Je me suis quelquefois intéressée à des séries tournant autour des “popular teens” dans les séries américaines et je me suis beaucoup interrogée sur la motivation profonde de celui ou celle qui écrit ça. Surtout que la Prom Queen, souvent aussi belle que cruelle, finit par chuter durement de son piédestal. Il y a souvent dans ces oeuvres une “incel energy” qui me dérange pas mal. Le côté “je me venge en écrivant une fiction où la plus belle fille est une énorme connasse qui va payer pour ses crimes”. Le crime étant de ne pas calculer ceux qui ne font pas partie de son cercle. Il y a des enjeux de pouvoir intéressants dans les lycées, entre les “beaux/belles”, ceux issus de famille aisée, etc. Mais c’est souvent trashé en “la fille la plus belle du lycée est une connasse et une salope qui mérite d’être punie”. 

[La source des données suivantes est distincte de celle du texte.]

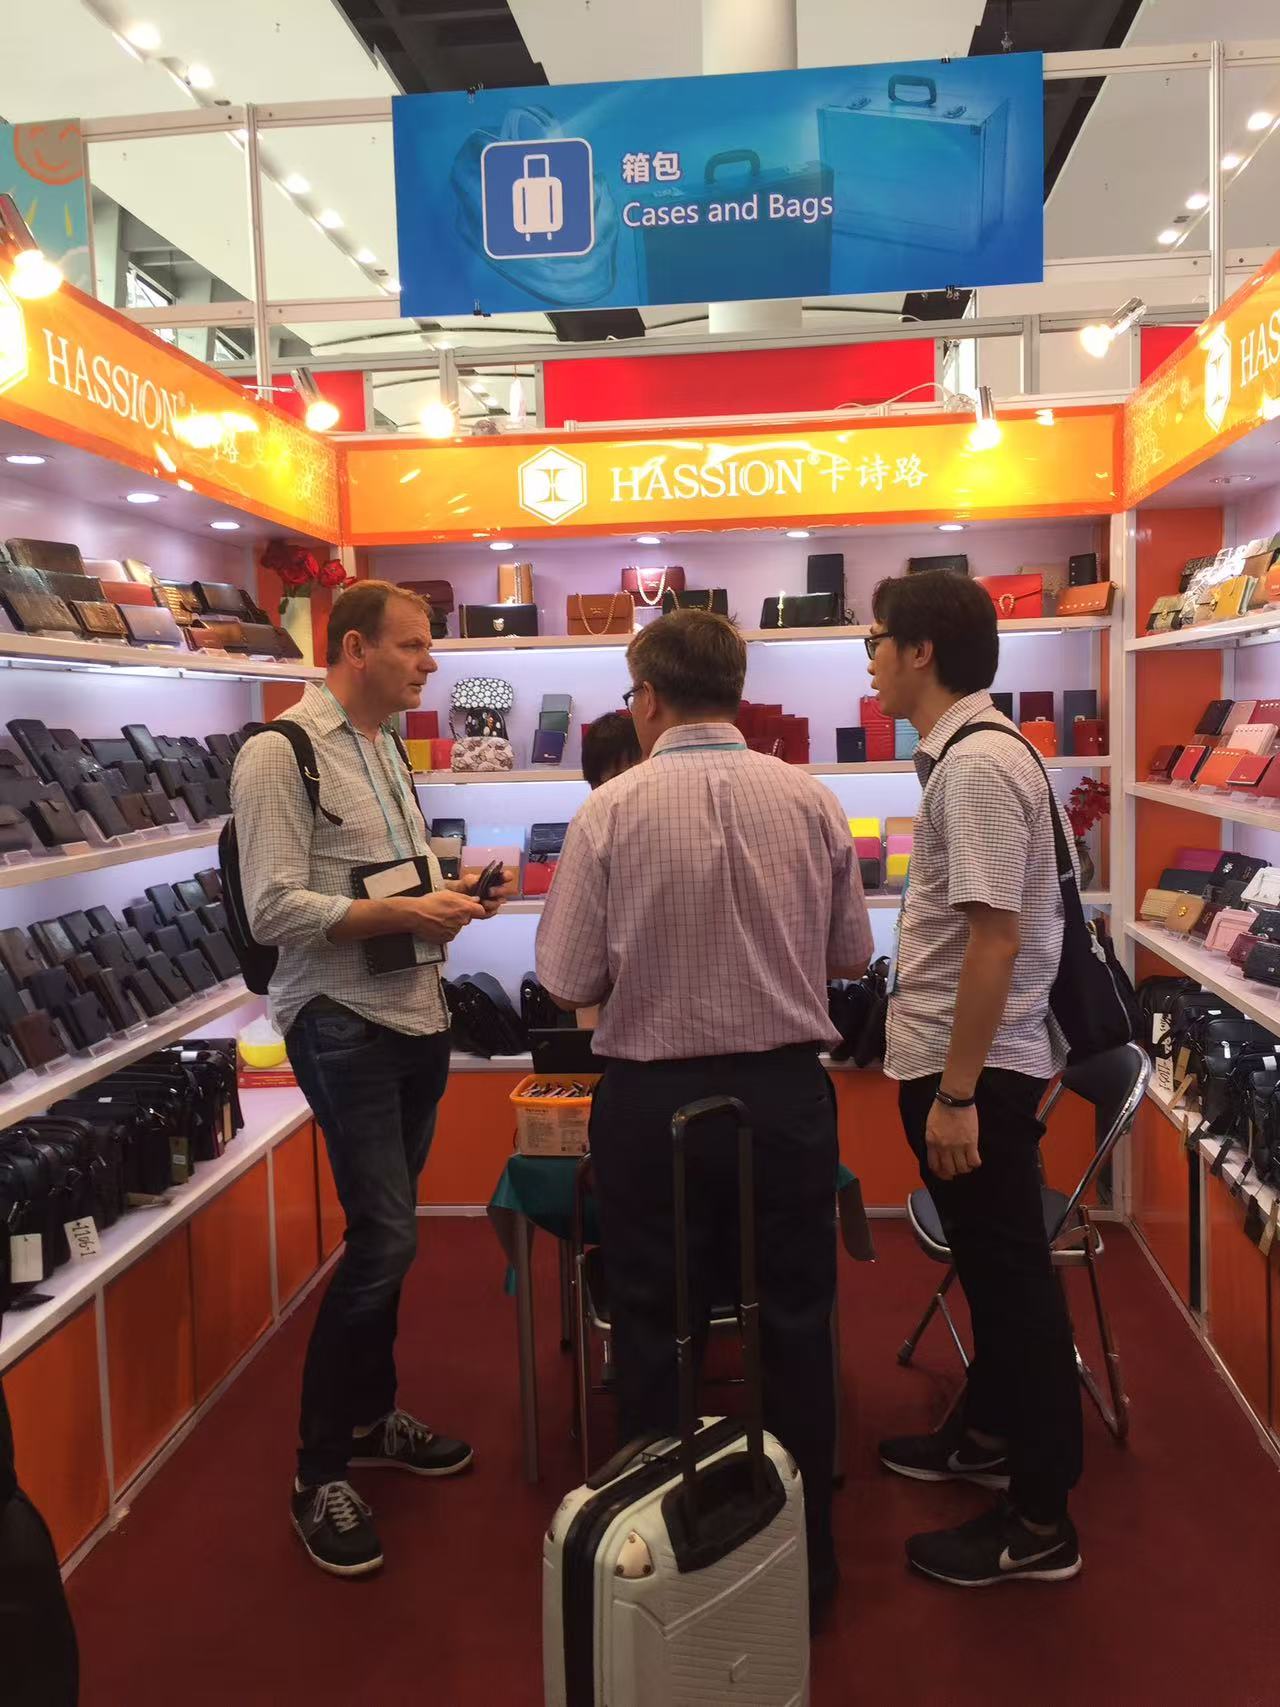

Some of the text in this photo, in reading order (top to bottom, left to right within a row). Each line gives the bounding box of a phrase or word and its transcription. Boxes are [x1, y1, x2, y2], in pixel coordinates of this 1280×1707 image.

David et Tally flirtent au coin du feu

Uglies est un échec. Narratif et, pour le film, visuel. C’est juste une énième histoire de popular teen où un personnage “moyen” remet en question les rapport de classe au lycée. Sauf que là, on t’a rajouté une sauce dystopique qui ne sert à rien. Si vous avez envie de voir une dystopie adolescente, rematez les Hunger games. Y a même des gens très beaux dedans. Si vous voulez voir des films “popular teens”, matez Clueless, y a une énergie très positive là-dedans. Ou Pleasantville qui se présente aussi comme une dystopie mais qui a une dimension poétique autrement plus intéressante. Une ado qui décide de lutter un peu malgré elle contre la loi des populars ? Heathers. Un peu plus humour noir mais franchement, vous passerez un bien meilleur moment.